No hablamos solo de cifras, aunque estas sean apabullantes. Lo relevante es la manera en que este tipo de cine logra conectar con públicos diversos, convirtiendo la sala oscura en un ritual colectivo que ninguna plataforma de streaming consigue replicar. En un contexto en el que las grandes producciones de superhéroes se desinflan y las comedias románticas languidecen en el vídeo bajo demanda, el terror ofrece lo que otros géneros han perdido: frescura, riesgo narrativo y capacidad de sorpresa.
La paradoja es que, históricamente, el terror había sido despreciado por cierta crítica y relegado a un público juvenil o marginal. Hoy ocurre lo contrario: es el terreno donde se juega lo más interesante del cine actual. Ahí están Los pecadores, de Ryan Coogler, que mezcla vampiros con blues y memoria afroamericana; Longlegs, de Osgood Perkins, que revitaliza el terror independiente; o las propuestas de Ari Aster y Robert Eggers, convertidos en referentes autorales. Y en medio de ese panorama emerge Cregger, que con Weapons certifica que se puede hablar de duelo, adicciones o violencia social a través de un lenguaje perturbador y a la vez profundamente humano.

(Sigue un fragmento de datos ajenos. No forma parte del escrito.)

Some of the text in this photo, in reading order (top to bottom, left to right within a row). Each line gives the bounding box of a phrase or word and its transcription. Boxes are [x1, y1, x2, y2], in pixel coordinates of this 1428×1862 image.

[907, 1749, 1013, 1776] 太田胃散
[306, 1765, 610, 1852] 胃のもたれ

Resulta significativo que el propio director se resista a explicar de qué trata su película. Prefiere que el espectador la viva como un enigma, como si entrar a la sala fuese abrir un libro cuyas páginas están en blanco hasta que la historia cobra forma. Esa decisión va contra el marketing de la sobreexposición, de los tráilers que destripan cada giro argumental. Y, paradójicamente, ese misterio se ha convertido en una de sus armas más poderosas.

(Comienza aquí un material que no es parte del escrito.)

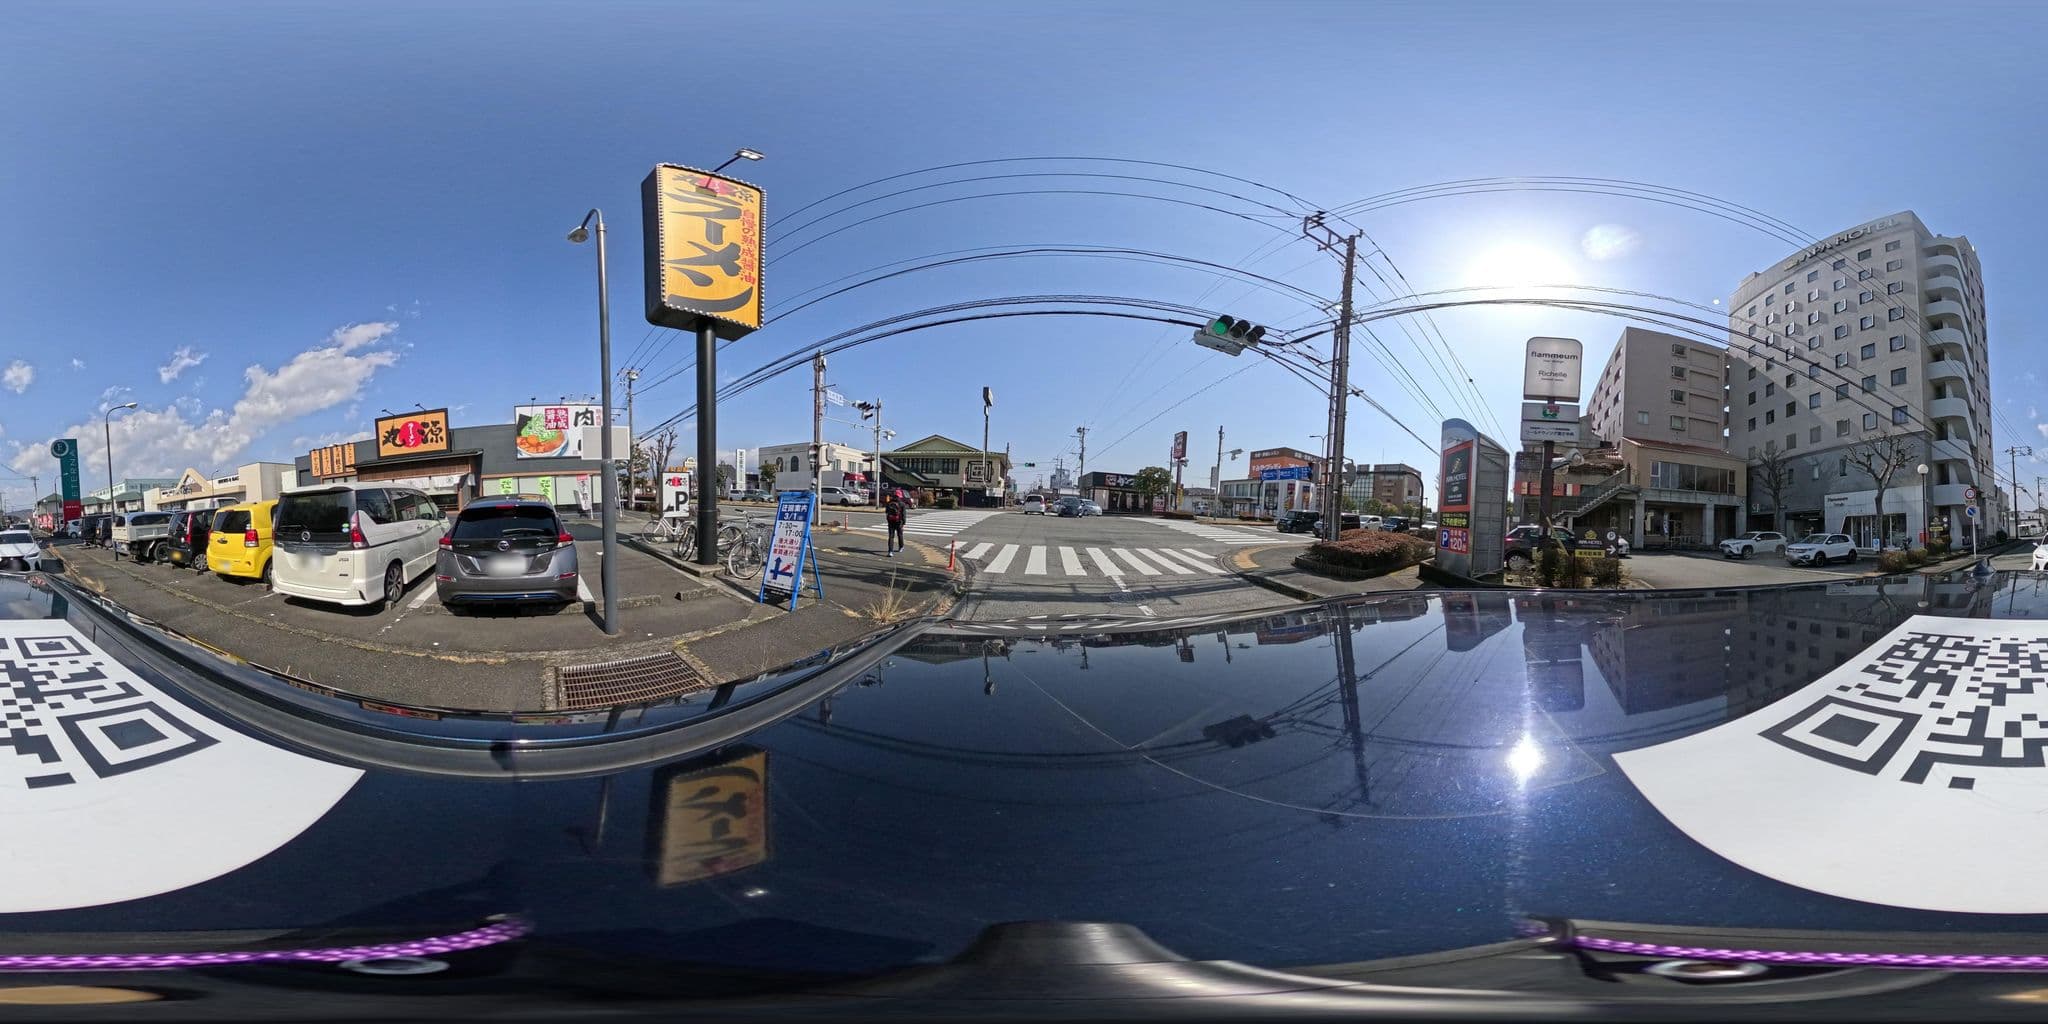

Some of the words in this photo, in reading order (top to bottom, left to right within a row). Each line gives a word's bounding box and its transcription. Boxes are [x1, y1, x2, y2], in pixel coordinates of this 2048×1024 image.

[1835, 219, 1899, 246] HOTEL
[663, 188, 754, 313] ラーメン
[69, 448, 79, 497] ETERNA
[675, 491, 688, 512] P
[785, 529, 803, 538] 17:00
[1442, 531, 1448, 545] P

El trasfondo del éxito de Weapons es también un retrato generacional. Mientras el Hollywood tradicional sigue empeñado en revivir viejas franquicias, el terror se atreve a dialogar con miedos contemporáneos: la pérdida de los hijos, la violencia en las escuelas, la fragilidad emocional en un mundo saturado. Cregger lo hace mezclando referencias de Paul Thomas Anderson, Denis Villeneuve o incluso Kubrick, pero siempre con una mirada personal. Su película es tanto un mosaico coral como un exorcismo íntimo, un cine de género que se permite ser autoral.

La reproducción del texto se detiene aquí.